Microsoft.Scripting: Someone’s Going to Have to Target This With Antlr

The source code to the Microsoft.Scripting namespace is available at http://www.codeplex.com/IronPython/Release/ProjectReleases.aspx?ReleaseId=438

A review of the IronPython codebase in the release makes the early-stage processing look pretty close to the (well-designed) IronPython 1.0 release: there’s a language-specific tokenizer, parser, AST generator and walker. Once you’ve transformed your AST into whatever-the-appropriate-form is, code generation looks insanely easy.

So the bad news is that there’s no compiler = new Language(BNF myGrammar); statement. The good news is that we already have such things: they’re called Lex and Yacc — or better yet, ANTLR. Although the sheer line-count of a language-specific compiler using Microsoft.Scripting seems large, such tools should be able to generate maybe 80-90% of it (I’m talking of the compiler, not the shell or runtime support, but that, too, looks generically handled by Microsoft.Scripting).

But this is one of those recursive things — you can’t generate a DLR-based compiler until someone writes a DLR target for the compiler-compiler. Interestingly, the definitive ANTLR Book will hit the shelves any day now. Hmmm … if I was a kid interested in getting a job at Microsoft, I know what I’d be doing this Summer …

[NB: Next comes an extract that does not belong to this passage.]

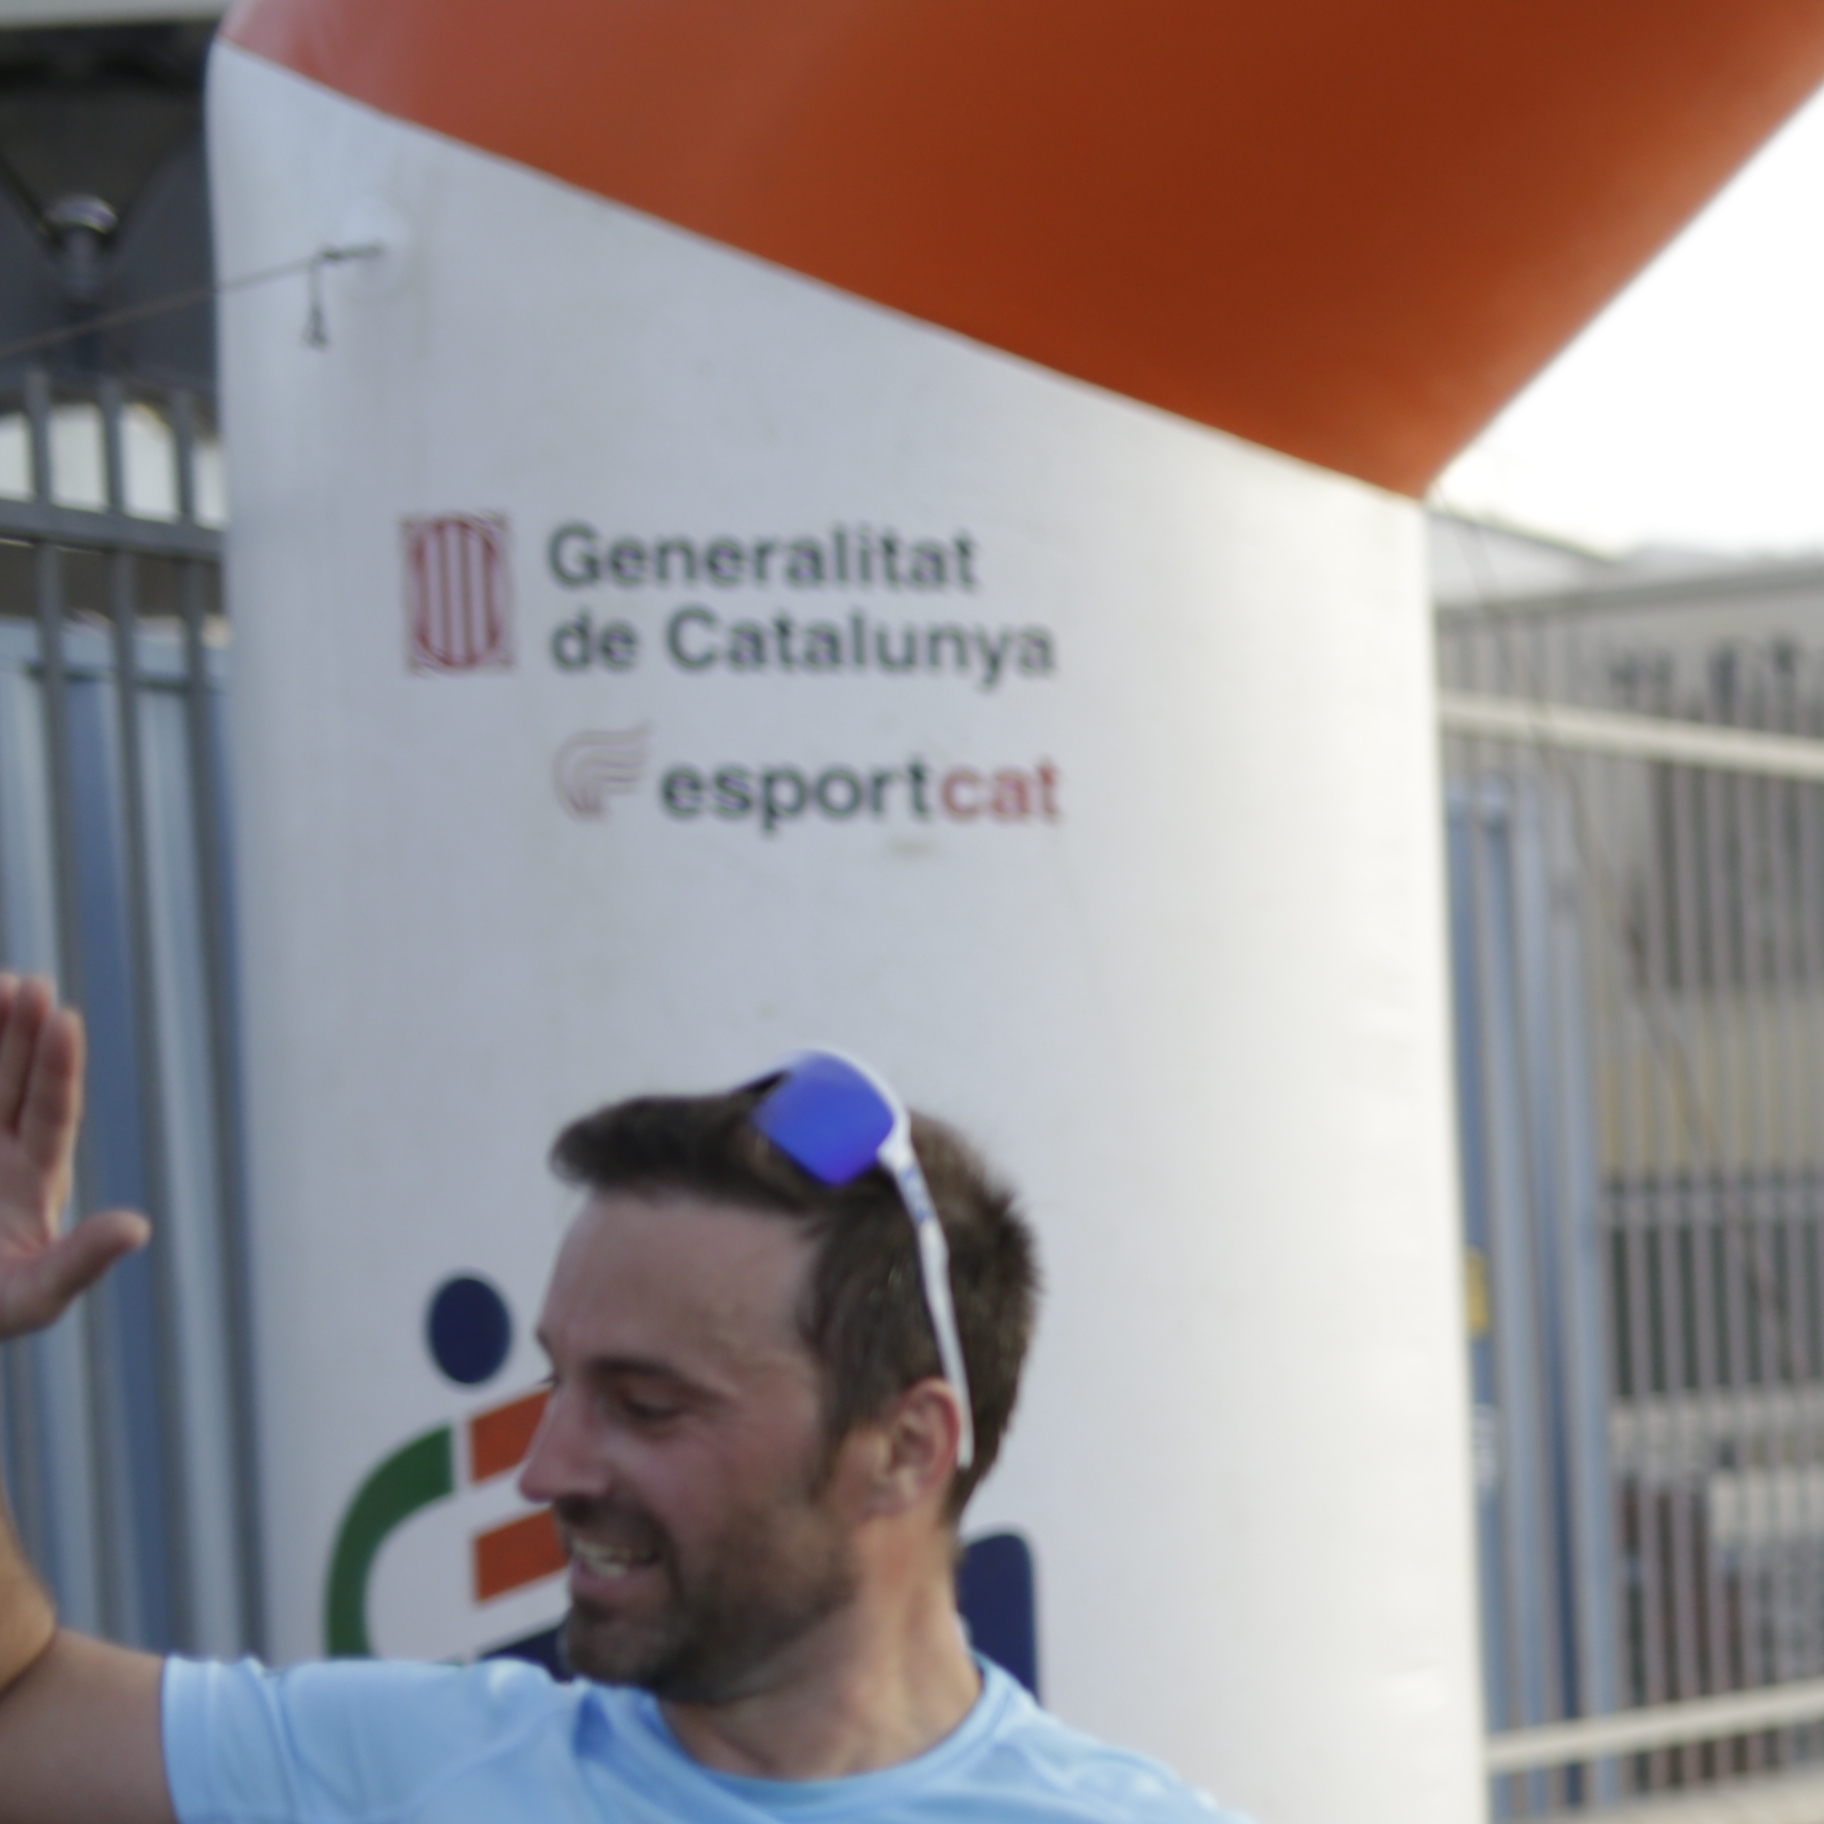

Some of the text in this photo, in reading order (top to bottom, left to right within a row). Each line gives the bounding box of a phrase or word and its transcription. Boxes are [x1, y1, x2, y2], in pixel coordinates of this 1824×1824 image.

[548, 522, 976, 591] Generalitat
[550, 606, 1055, 691] de Catalunya
[661, 758, 1061, 837] esportcat

Dynamic Language Runtime: PHP, Scheme, and "maybe one more" coming

The preliminary documentation for the DLR is included in the IronPython-2.0A1-Doc.zip download at http://www.codeplex.com/IronPython/Release/ProjectReleases.aspx?ReleaseId=438 :

We’re leveraging the learning we did on IronPython to extract elements that could be common amongst languages (dynamic type system, hosting APIs, cached method dispatch, symbol tables, ASTs, codegen, etc.), and we currently are working on IronPython 2.0, JScript, VBX, and Ruby to vet the common designs. We’ll eventually do (or recruit people to do) PHP, scheme, and maybe one more to believe we really can move language+1 with ease to the DLR.

…. Another juicy quote …

That runtime needs a great scripting story and UIFx story to compete with the virtuous cycle Flash/EcmaScript enjoy. We also watn to work with a partner on an IDE to eventually make a play for the MS app programmability story so that you can have your choice of dynamic language on a little runtime for scripting, say, Office or VS.